Obama Issues First Presidential Pardons
Politico reports:
WASHINGTON -- President Obama, who had gone nearly 700 days without using his clemency power, finally issued nine pardons on Friday afternoon to a very minor rogue's gallery of small-time felons who long ago did their time, if they did any at all.
Far from sending a message about the excesses and errors of the judicial system, Obama picked minor and sometimes ancient offenses -- such as a 1963 conviction for "mutilation of coins" -- to forgive. He also chose not to commute any sentences at all.
P.S. Ruckman Jr., the editor of the Pardon Power blog and a political science professor in Illinois, told HuffPost he was struck by the minor nature of the crimes that Obama selected.
"Six out of the nine pardons are for people who didn't even go to prison," he said.
Some observers had hoped that, as a constitutional lawyer by training and the first African-American president, Obama might issue pardons and commutations that made a powerful statement about the justice system past and present.

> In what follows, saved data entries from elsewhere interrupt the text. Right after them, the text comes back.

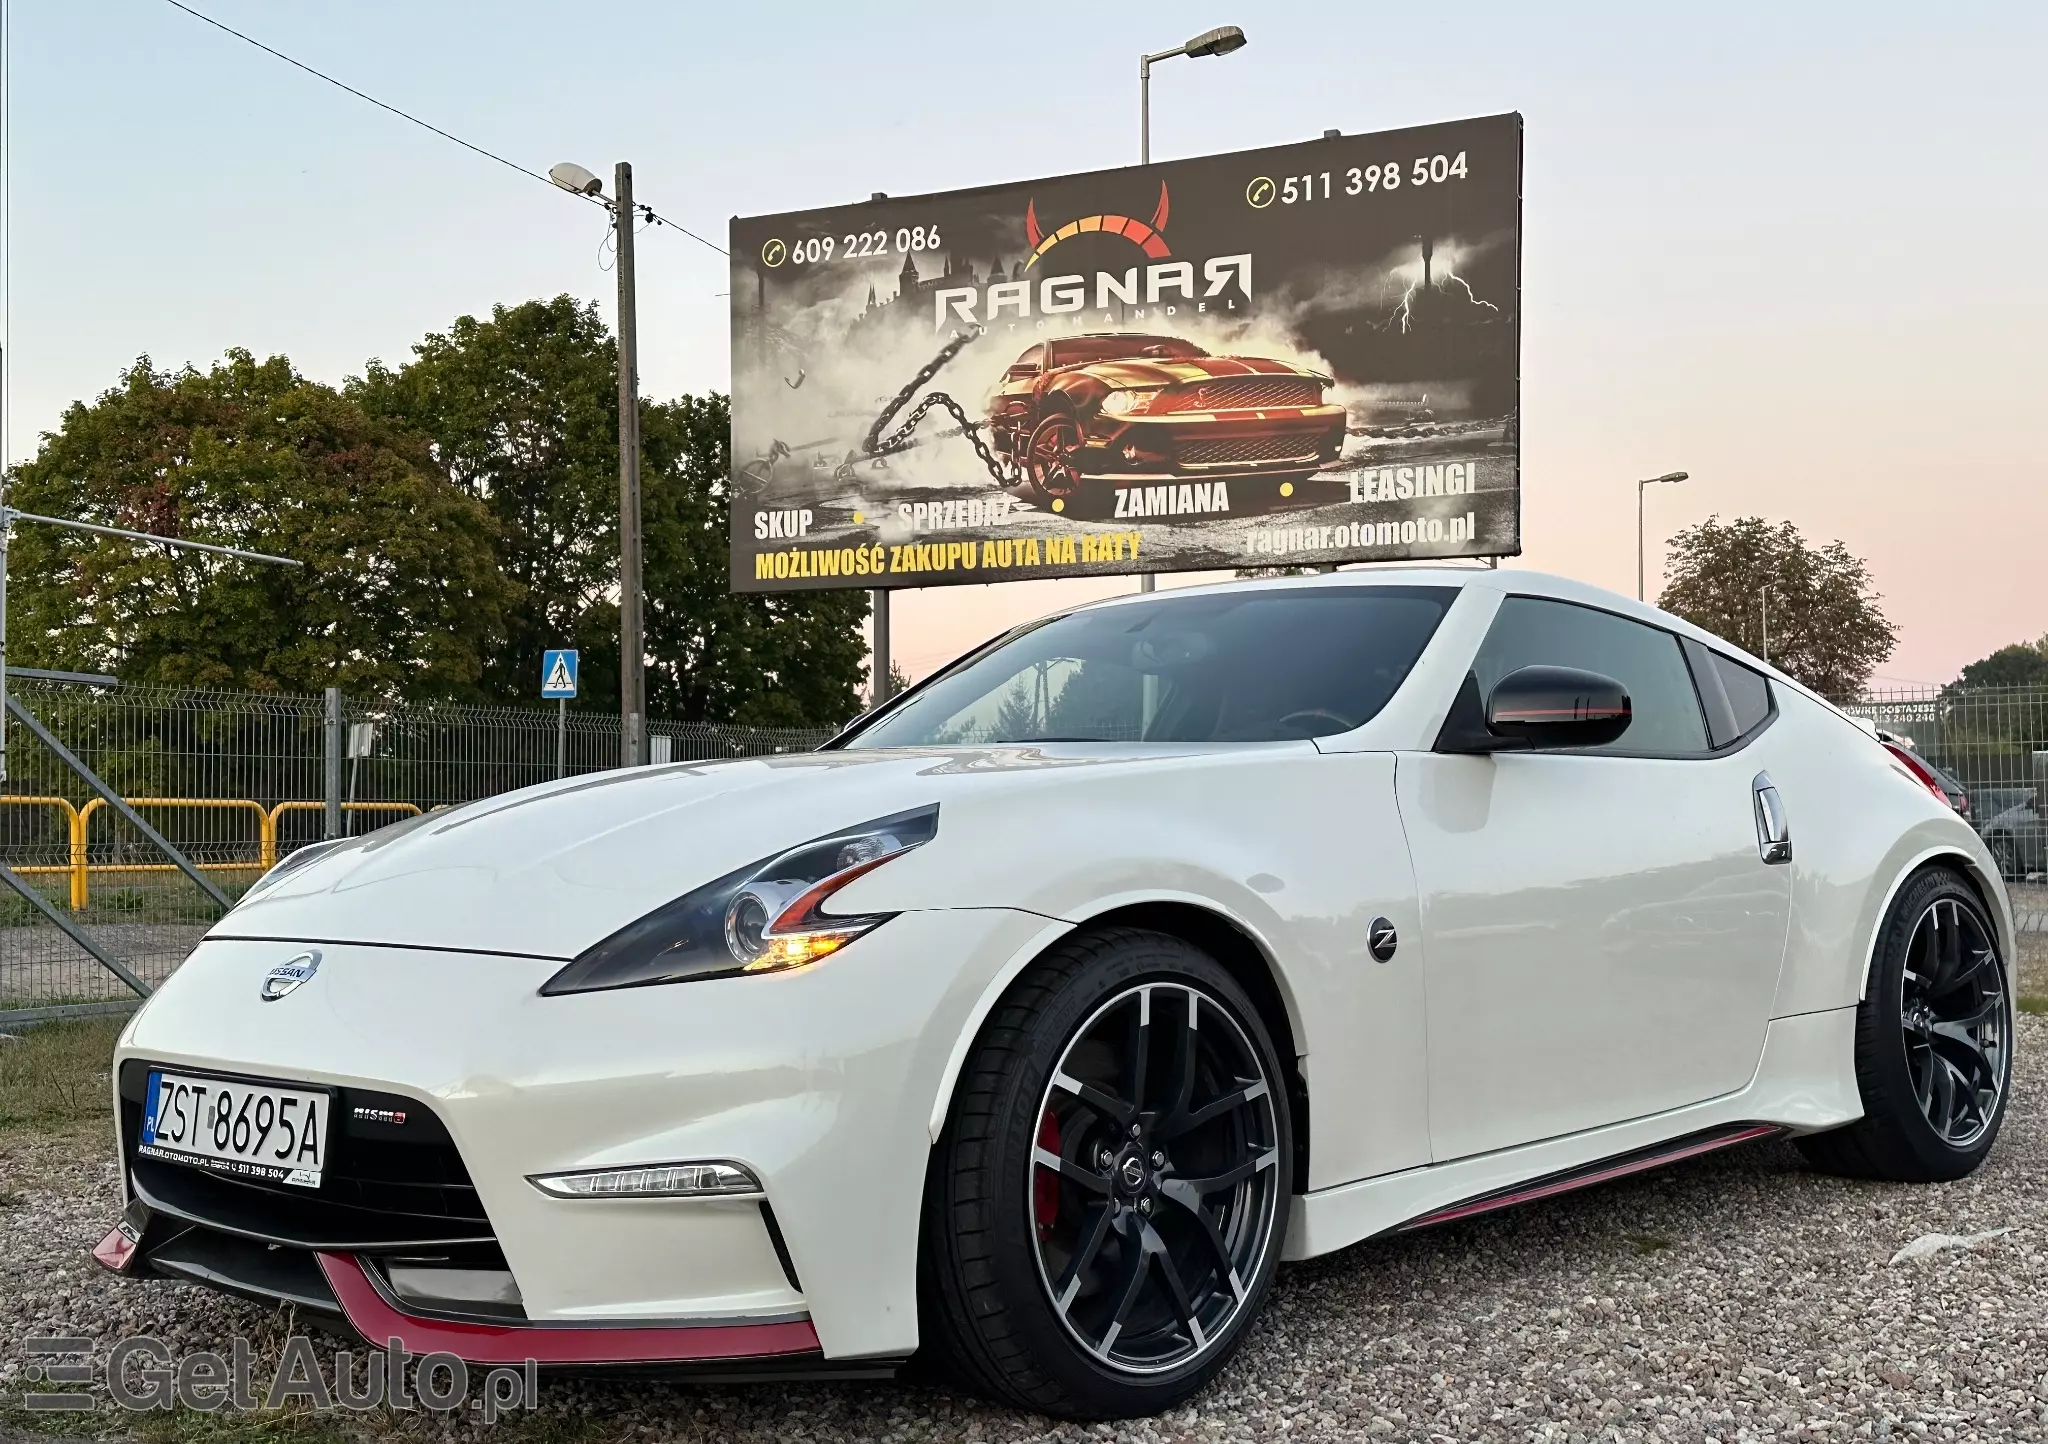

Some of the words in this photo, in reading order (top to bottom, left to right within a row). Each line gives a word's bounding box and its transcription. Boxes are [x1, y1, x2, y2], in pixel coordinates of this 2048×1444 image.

[1281, 171, 1330, 203] 511
[1345, 162, 1400, 195] 398
[1411, 151, 1468, 185] 504
[792, 237, 834, 264] 609
[843, 231, 887, 259] 222
[896, 225, 940, 253] 086
[935, 253, 1252, 336] RAGNAR
[754, 509, 812, 540] SKUP
[1114, 481, 1229, 518] ZAMIANA
[1350, 462, 1475, 503] LEASINGI
[755, 542, 885, 580] MOŻLIWOŚĆ
[889, 541, 977, 573] ZAKUPU
[982, 537, 1041, 569] AUTA
[1045, 536, 1077, 565] NA
[1082, 530, 1143, 562] RATY
[1247, 511, 1475, 555] ragnar.otomoto.pl
[1880, 703, 1936, 714] DOSTAJESZ
[146, 1115, 154, 1133] PL
[155, 1081, 207, 1147] ZST
[213, 1090, 320, 1166] 8695A
[251, 1167, 265, 1178] 398
[268, 1169, 284, 1182] 504
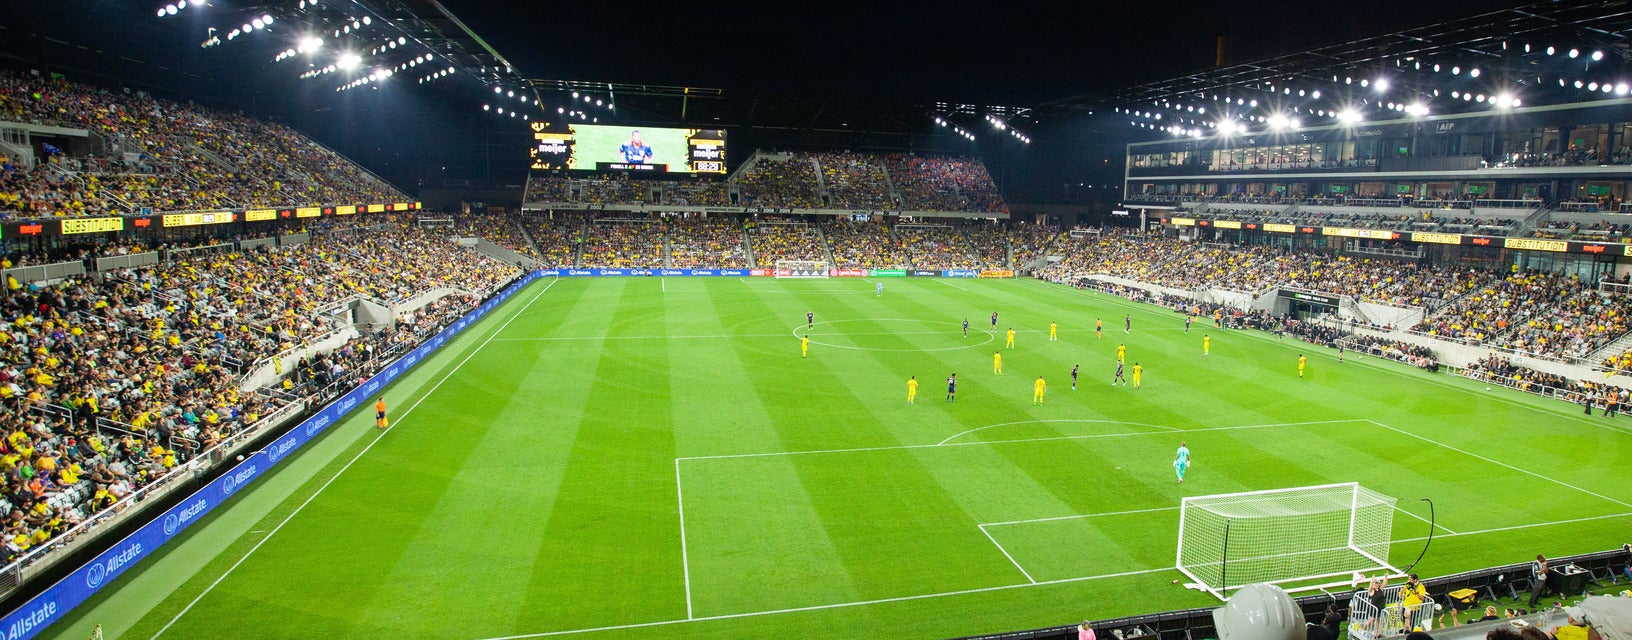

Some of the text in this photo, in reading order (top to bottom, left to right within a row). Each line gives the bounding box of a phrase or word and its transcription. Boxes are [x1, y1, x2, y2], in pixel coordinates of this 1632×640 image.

[539, 143, 567, 155] meijer
[693, 149, 719, 159] meijer
[64, 218, 121, 233] SUBSTITUTION
[1506, 239, 1565, 251] SUBSTITUTION
[314, 414, 330, 430] Allstate
[277, 436, 297, 456] Allstate
[234, 464, 257, 486] Allstate
[177, 498, 207, 526] Allstate
[105, 541, 142, 577] Allstate
[8, 600, 57, 640] Allstate
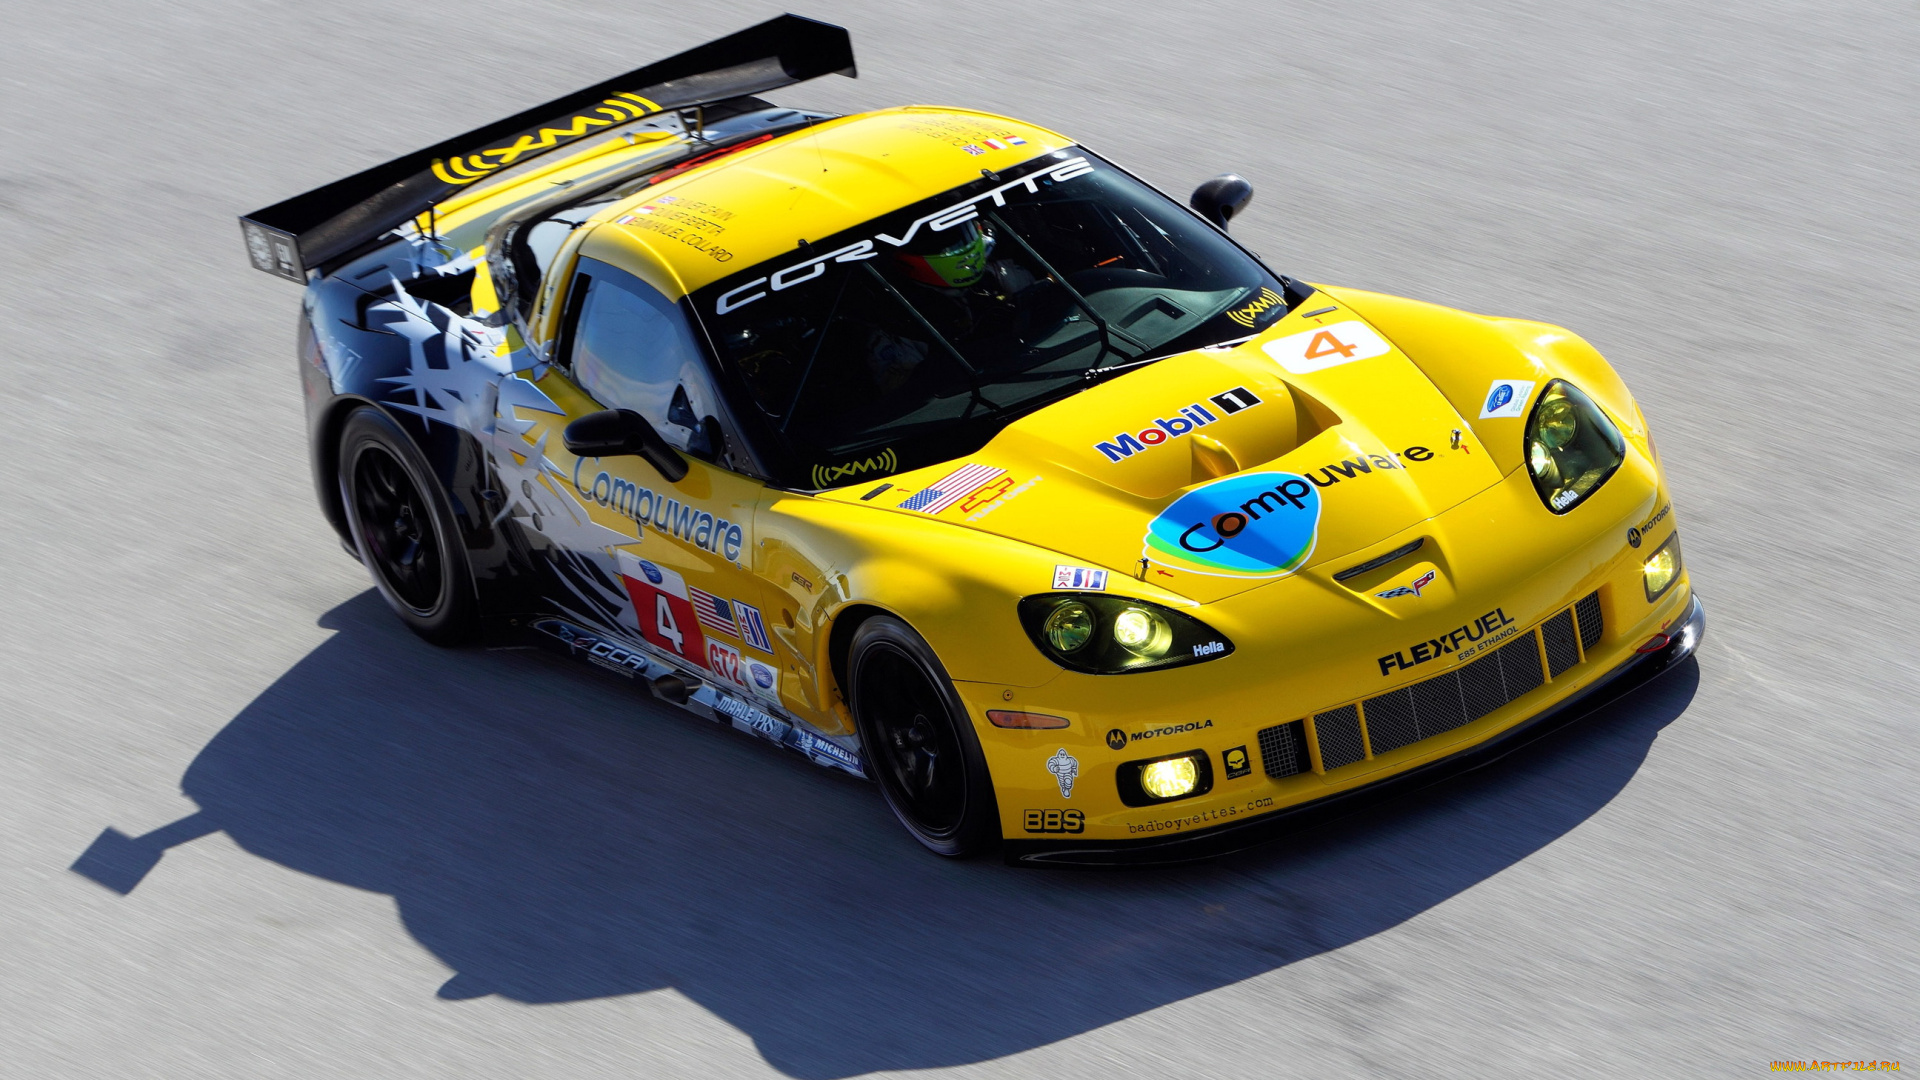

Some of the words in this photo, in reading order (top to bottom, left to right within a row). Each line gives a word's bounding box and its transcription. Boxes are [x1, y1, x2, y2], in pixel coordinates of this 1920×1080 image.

[680, 233, 734, 262] COLLARD
[716, 157, 1094, 315] CORVETTE
[1303, 330, 1358, 360] 4
[1094, 403, 1220, 463] Mobil
[573, 456, 744, 562] Compuware
[1179, 445, 1435, 552] Compuware
[1552, 489, 1579, 510] Hella
[656, 592, 685, 656] 4
[1377, 607, 1515, 677] FLEXFUEL
[1192, 641, 1225, 657] Hella
[1457, 647, 1476, 661] E85
[1477, 625, 1519, 650] ETHANOL
[709, 643, 745, 687] GT2
[716, 697, 755, 723] MAHLE
[1130, 719, 1214, 742] MOTOROLA
[814, 738, 859, 765] MICHELIN
[1023, 809, 1085, 833] BBS
[1127, 796, 1274, 834] badboyvettes.com

But expectations diminished as the days and months went by, and Obama became the second-slowest president to issue a pardon at all. He was about two weeks away from surpassing even George W. Bush, who pardoned seven people just before Christmas of his second year.
"You can decrease the significance of the pardon power by not using it, that's one way to do it," Ruckman said. "The other way to decrease its significance is to basically use it on behalf of the people who need it the least."